There has been a lot of speculation lately about prompt engineering. People have started to claim that ‘prompt engineer’ is the job of our AI-enabled future. I don’t think this is correct. Prompt engineering is a skill. It will be an increasingly valuable one, but it will be subsumed into approximatley all white collar knowledge work over the next few years. It will be a skill that you’re just assumed to have, akin to how being able to operate an email program or a spreadsheet or a browser is today. Skillfully interrograting large language models (LLMs), which, of course, is to say, skillfully engineering prompts, will be table stakes for any knowledge worker.
Consider this job post, from Anthropic:
Anthropic’s mission is to create reliable, interpretable, and steerable AI systems. We want AI to be safe for our customers and for society as a whole.
Anthropic’s AI technology is amongst the most capable and safe in the world. However, large language models are a new type of intelligence, and the art of instructing them in a way that delivers the best results is still in its infancy—it’s a hybrid between programming, instructing, and teaching. You will figure out the best methods of prompting our AI to accomplish a wide range of tasks, then document these methods to build up a library of tools and a set of tutorials that allows others to learn prompt engineering or simply find pompts that would be ideal for them.
Given that the field of prompt-engineering is arguably less than 2 years old, this position is a bit hard to hire for! If you have existing project sthat demonstrate prompt engineering on LLMs or image generation models, we’d love to see them. If you haven’t done much in the way of prompt engineering yet, you can best demonstrate your prompt engineering skills by spending some time experimenting with Claude or GPT3 and showing that you’ve managed to get complex behaviors from a series of well crafted prompts.
This is all very interesting, and I can understand why Anthropic is interested in hiring for this position. But to the extent that LLMs pervade and suffuse all knowledge work over the next several years, prompt engineering will become just another skill that any white collar knowledge worker will need to have in her quiver. It is not, by itself, a job.

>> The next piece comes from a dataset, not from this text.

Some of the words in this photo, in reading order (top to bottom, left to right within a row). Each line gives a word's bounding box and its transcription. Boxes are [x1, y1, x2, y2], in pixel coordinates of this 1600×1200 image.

New knowledge and skills spread quickly, and any competitive advantage that an advanced prompt engineer currently has will disappear as prompt engineering knowledge and skills become commoditized. Lawyers will be prompt engineers. Equity analysts will be prompt engineers. Sales people will be prompt engineers. Professors will be prompt engineers. Everyone whose job requires, in some form, the manipulation of language—words, symbols, etc.—will engineer prompts to get some LLM to generate output which helps that worker get some task done more efficiently than she could have prior to the wide availability of LLMs.

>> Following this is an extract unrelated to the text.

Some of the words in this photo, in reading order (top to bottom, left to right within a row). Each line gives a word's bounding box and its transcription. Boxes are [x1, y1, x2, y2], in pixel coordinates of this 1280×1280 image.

So when I read pieces like this one which assert that prompt engineering is the ‘career of the future,’ I have to wonder how well such a prophecy will age. There’s nothing inherently wrong with this article, but its headline prediction doesn’t seem to match reality. I expect prompt engineering to subsume nearly all white collar knowledge work, and it will become a skill that is table stakes. If you want to get ahead of the curve, by all means, become an expert in prompt engineering. But the alpha in being a prompt engineering expert will disappear pretty quickly.

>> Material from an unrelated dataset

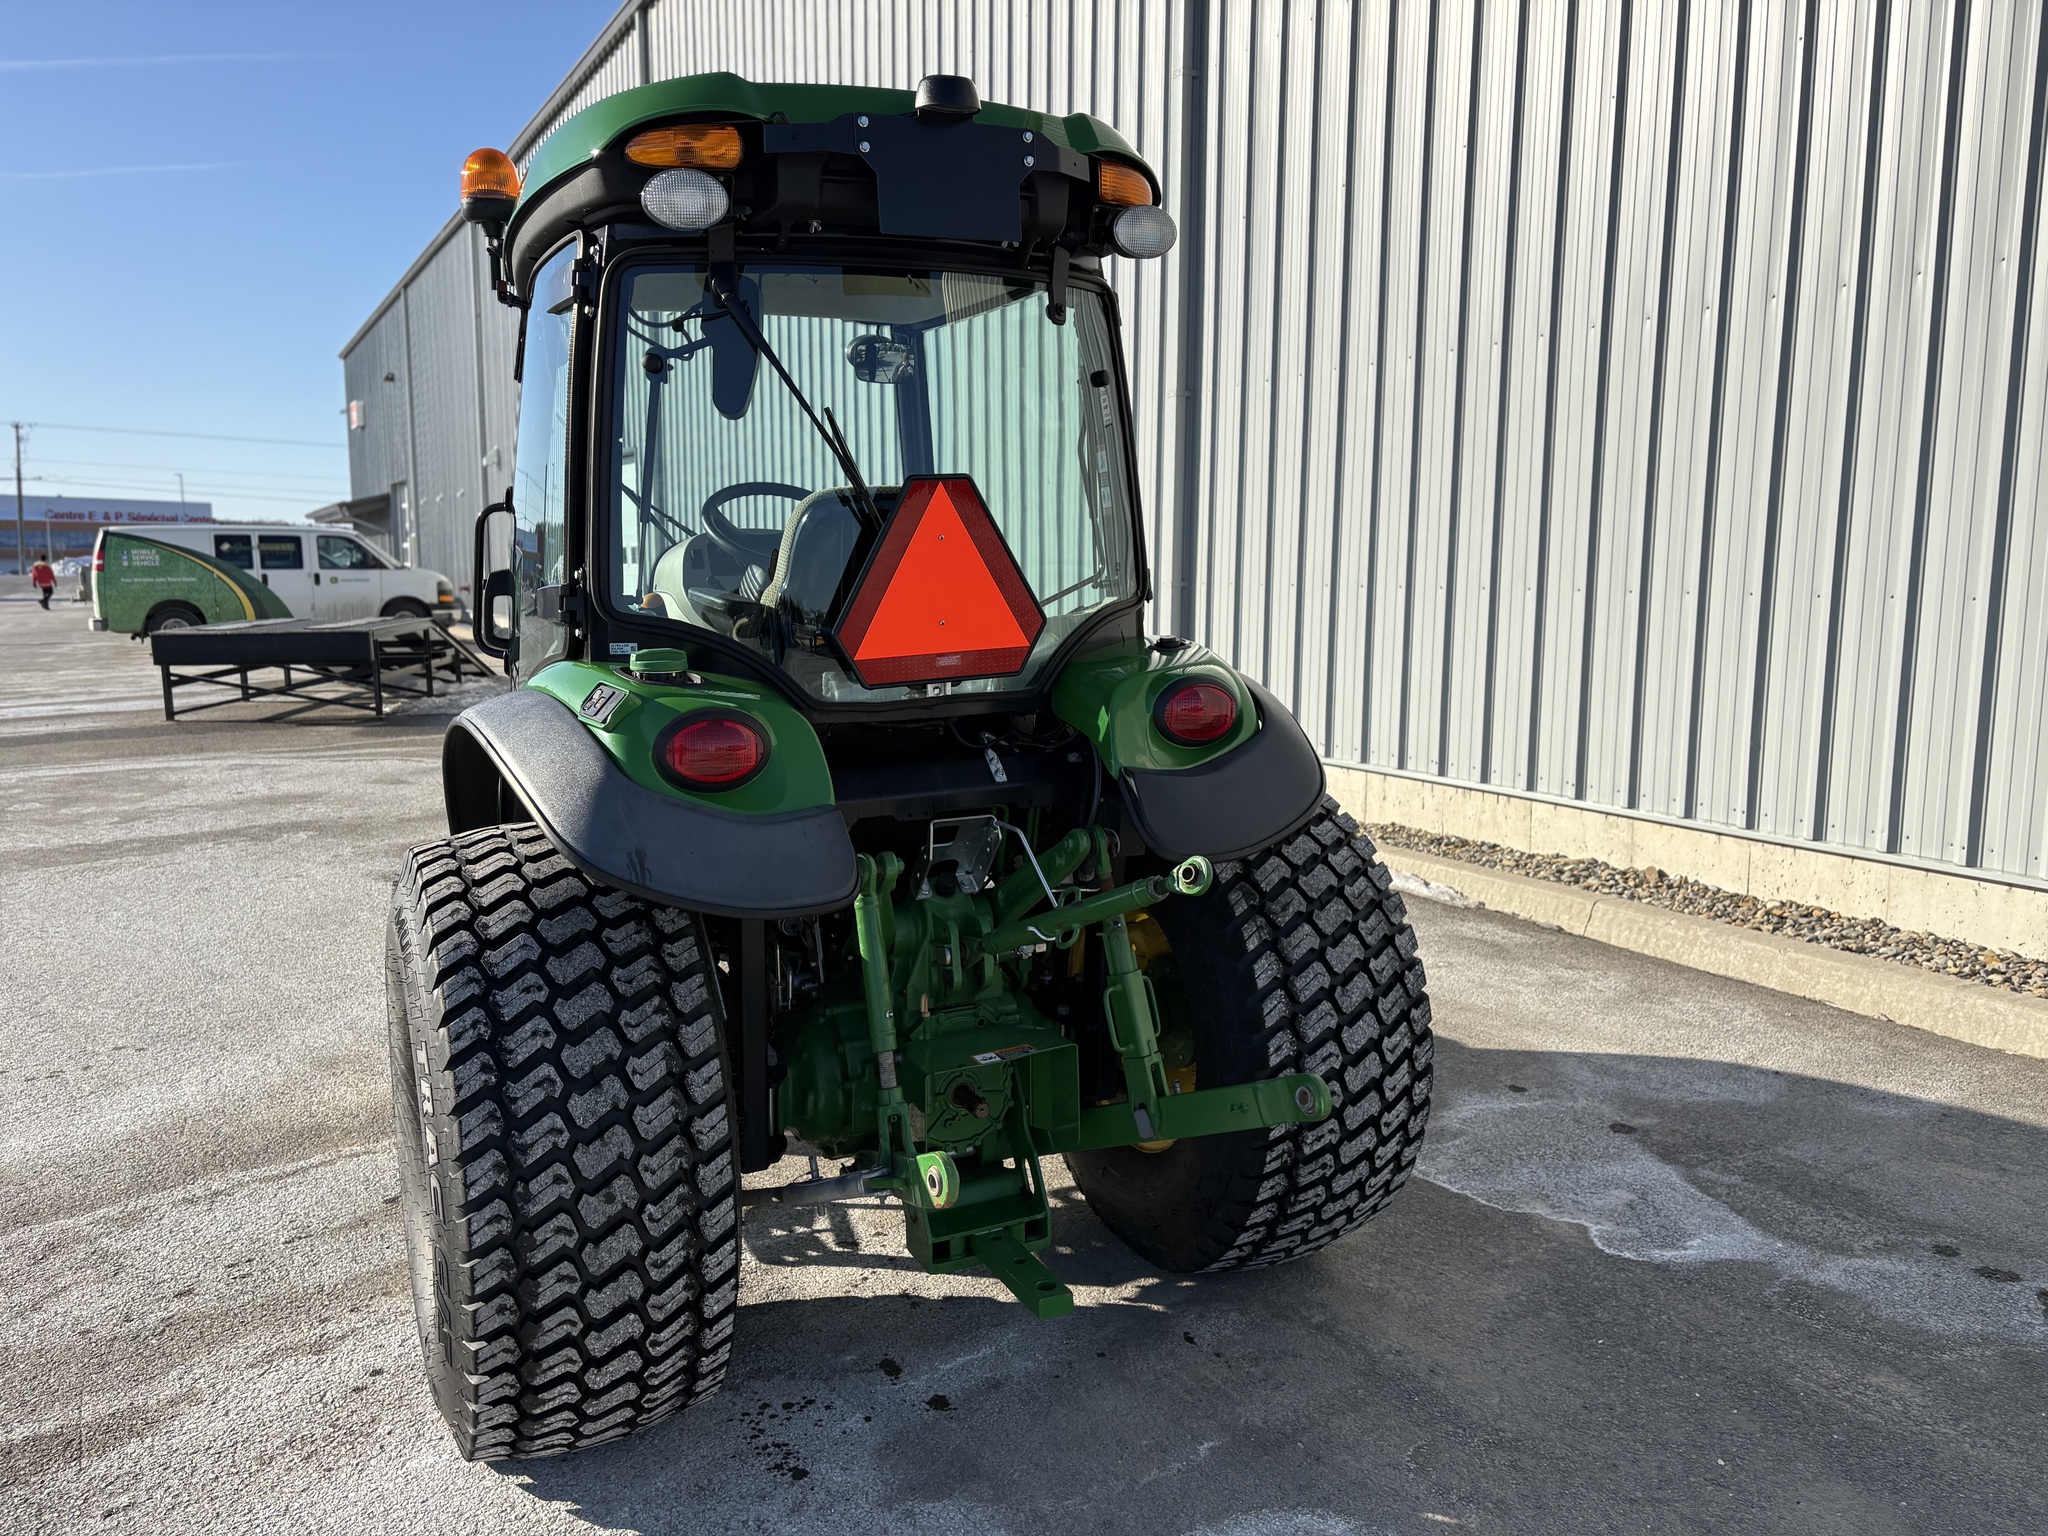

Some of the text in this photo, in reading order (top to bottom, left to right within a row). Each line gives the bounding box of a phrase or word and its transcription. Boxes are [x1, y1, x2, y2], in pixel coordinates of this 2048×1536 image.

I’d encourage people to think of prompt engineering as a skill. Here’s one way to think of this as a skill to acquire. Here’s a Reddit thread about whether prompt engineering is a ‘job of the future’. And a useful thread on YCombinator about how to improve one’s prompt engineering skills. Good prompt engineering requires both knowledge of the underlying model being queried and, simply, practice. Yours will be a more fruitful career if you reframe prompt engineering away from ‘hot new job’ to ‘very useful skill to use as a complement to all the other skills I bring to bear on the job.’